I "converted" in 2001 with a Canon 1D (4.2 mp) and this is my first serious shot taken at Haast Beach, South Island, NZ.

Let's see yours!

Bill
Awfully good first image Bill.

Woody
 

woodyspedden

New member
When I first got my Digital SLR, a Nikon Dx1, I started a series on the barns of Colorado. These barns are disappearing rapidly and I wanted to do a book showing them in their final stages of decay before they were all gone, replaced by shopping malls and housing developments.

Enjoy

Woody
 

Jack

Sr. Administrator
Staff member
I was a little late to the game. I started with a 1D late in 2002, knew nothing about digital really, so I shot most everything in jpeg mode.
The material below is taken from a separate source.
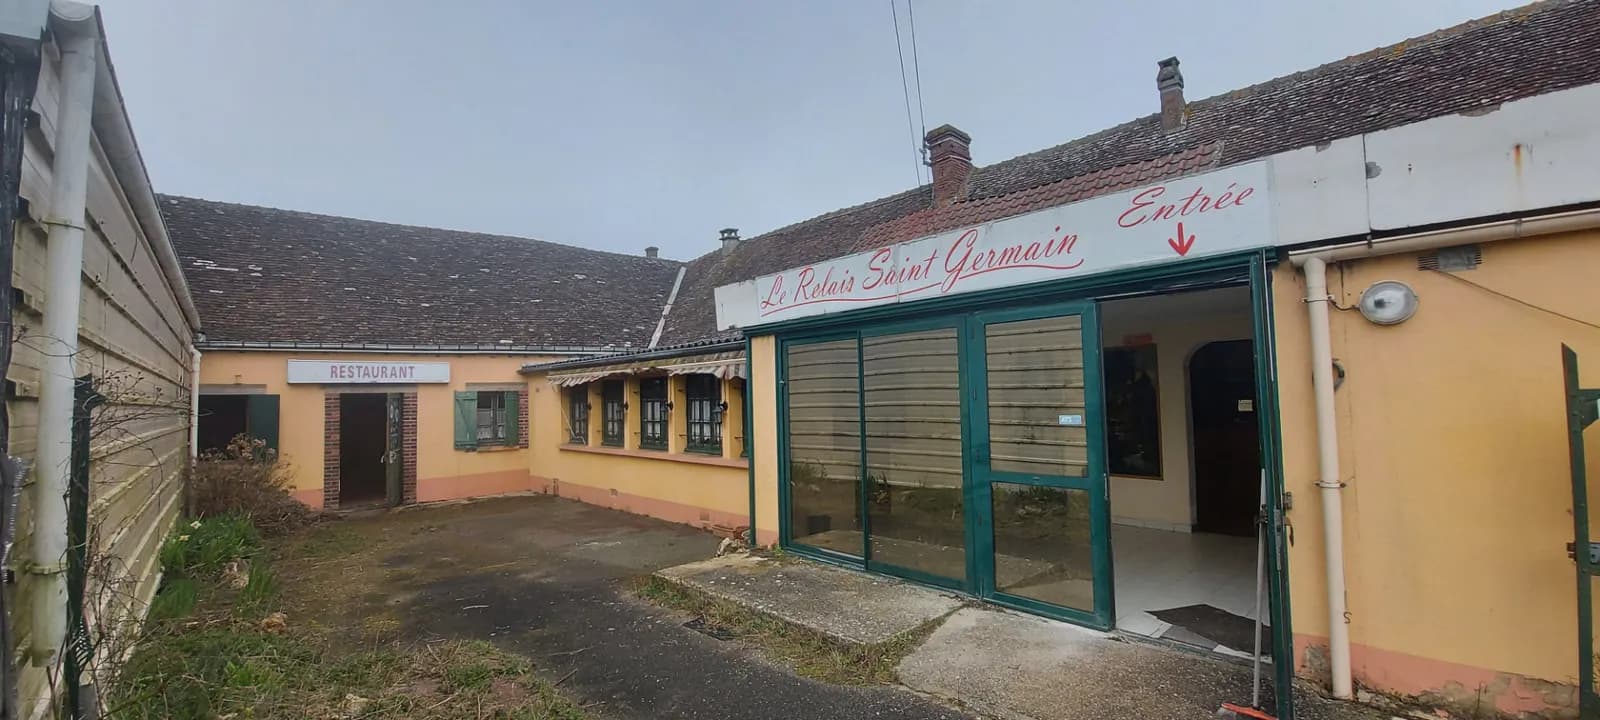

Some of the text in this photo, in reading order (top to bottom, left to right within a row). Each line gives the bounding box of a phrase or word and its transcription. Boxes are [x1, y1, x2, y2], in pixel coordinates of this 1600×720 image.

Actually liked the results, so bought a 1Ds almost as soon as they came out, early in 2003. Ironically, due to a mess-up on my part regarding proper cataloging of digital data, I ended up inadvertently erasing about 80% of the 1D images I ever took, which is how and when I developed a more bullet-proof storage strategy. :rolleyes:

Anyway, here is the first digital image I think of as "serious" enough to have printed, taken with the 1Ds on it's maiden voyage in January of 2003. It is of a side door at Mission Carmel:



PS: IIRC, the lens at the time was a 17mm Tokina AF which had worked very well on my Canon film bodies and the 1D. However, the corners were so bad on the 1Ds I needed to crop them out to about the 20mm FoV you see here. That camera and lens marked the beginning of my search for 'good' Canon wideangles -- and I'm still looking :ROTFL:
 

Guy Mancuso

Administrator, Instructor
Very long time ago for me , maybe the first person on this forum actually. Anyone remember made by Nikon/Fuji a E2n and also a Kodak 420 which we paid 23k for at the time. Honestly I can't remember the year. The Mac AV 840 quadra came out at that time

Found it the Nikon E2n


You have to read this
http://www.nikonweb.com/e2n/

It's still in the cabinet at my old job
 

Guy Mancuso

Administrator, Instructor
Wow back in July 1993 the 840AV came out so maybe a year before that 1992 would have been my fist digital capture that's 18 or 19 years ago. Holy smokes
 
I was a somewhat recent convert to digital in about 2002 with a Canon D30. I bought it to shoot an annual report that was going from concept to print in about a month, and I knew I needed faster turnaround times than was reasonable for film. All the final images were delivered to the art director two days after the shoot. No way I could have scanned all the images in that time.
 

ReeRay

Member
November 1998. Evidenced by the Pirelli calendar.
I'd just returned from the local camera store with my Olympus C2020 2 m.p. (!) and a friend called around. Inadvertantly, whilst setting it up I pressed the shutter. I liked it :)
Shot in jpeg mode
 

Georg Baumann

Subscriber Member
Well, without a background in photography or photoshop at all, in 2003 I took on digital photography with a 5MP Olympus E1 and was fascinated by techniques later abused as HDR left right and center.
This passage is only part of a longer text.